Supplied entries.
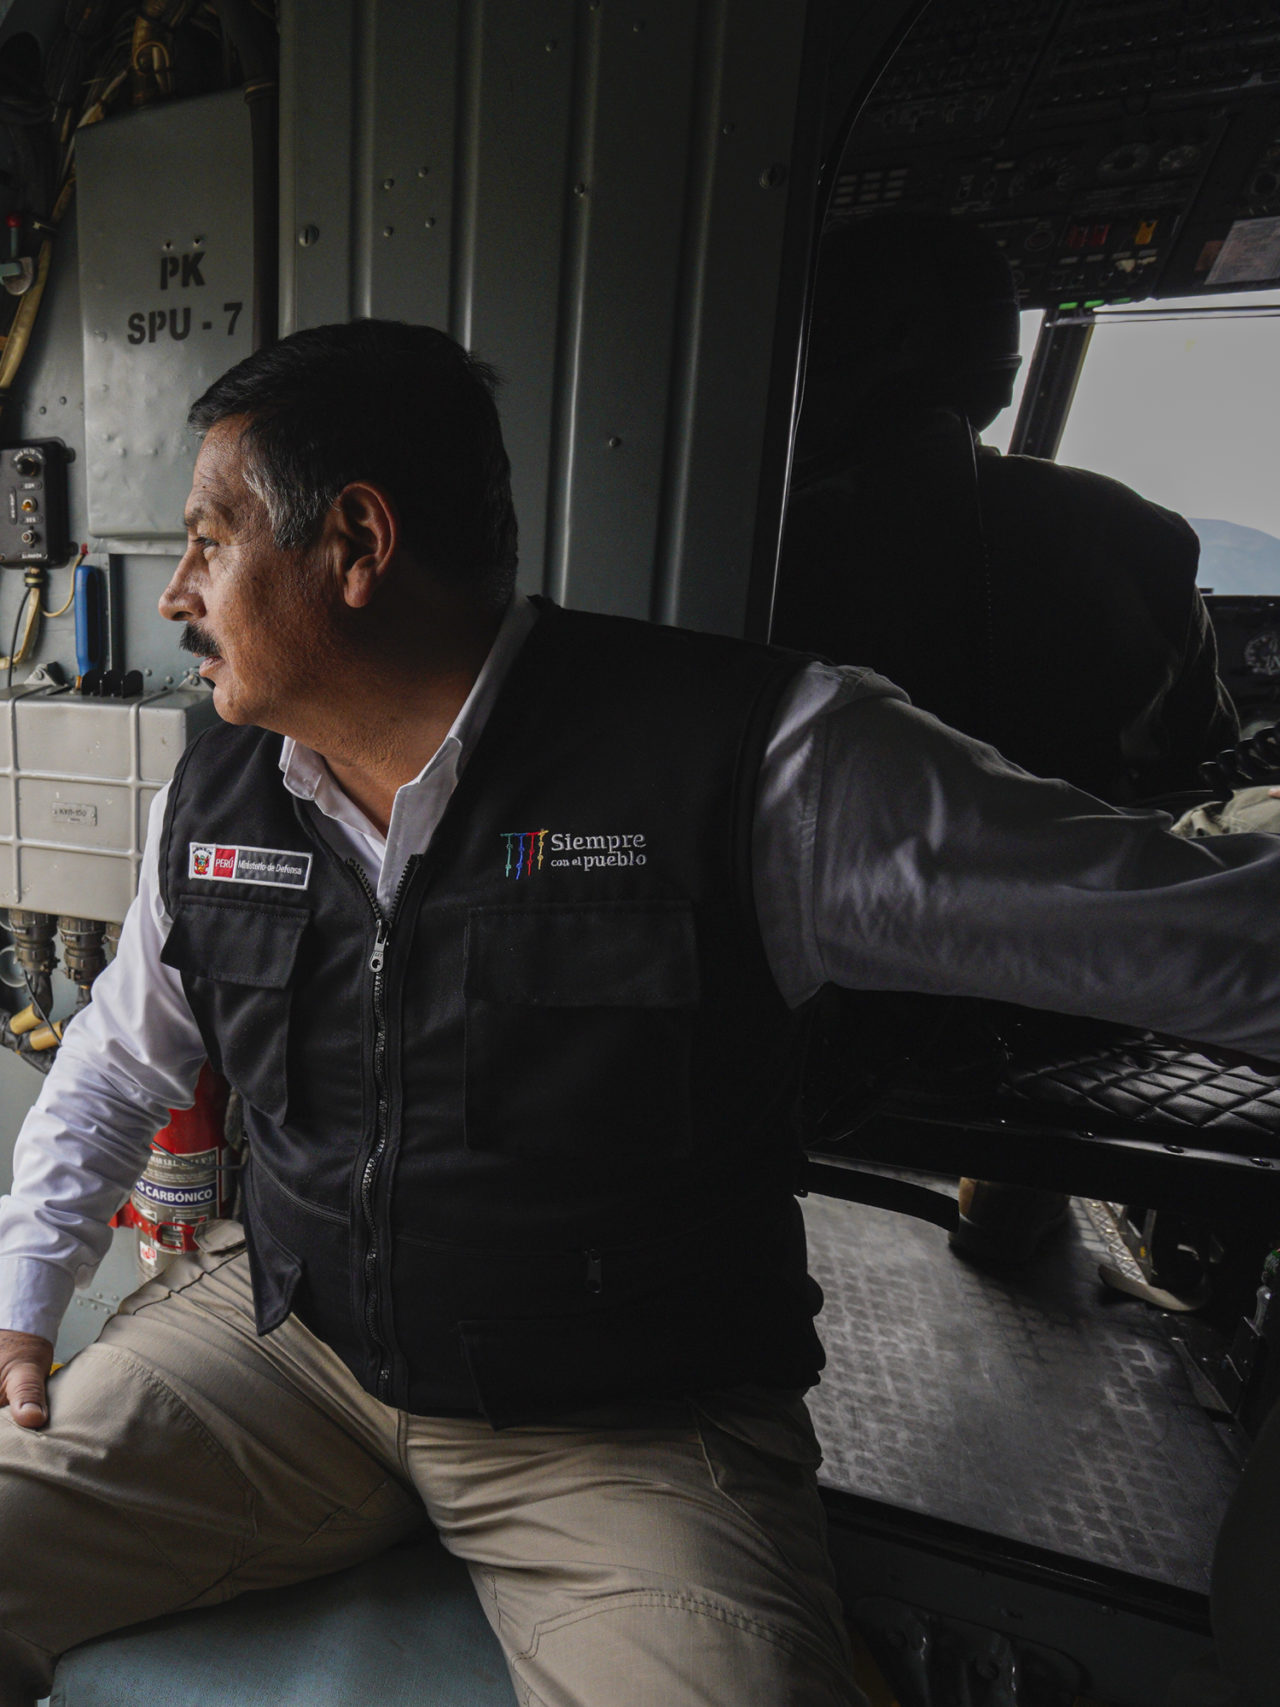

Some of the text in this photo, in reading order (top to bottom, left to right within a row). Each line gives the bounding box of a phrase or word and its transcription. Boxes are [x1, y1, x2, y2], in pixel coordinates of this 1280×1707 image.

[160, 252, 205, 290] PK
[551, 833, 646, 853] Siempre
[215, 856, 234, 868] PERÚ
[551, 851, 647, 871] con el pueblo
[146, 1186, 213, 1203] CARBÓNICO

Exercise aim. Every record above should be set down exactly, with the pictures left out.

Exercise response.
Some of the text in this photo, in reading order (top to bottom, left to right within a row). Each line gives the bounding box of a phrase or word and its transcription. Boxes are [x1, y1, x2, y2], in pixel coordinates of this 1280×1707 image.

[160, 252, 205, 290] PK
[551, 833, 646, 853] Siempre
[215, 856, 234, 868] PERÚ
[551, 851, 647, 871] con el pueblo
[146, 1186, 213, 1203] CARBÓNICO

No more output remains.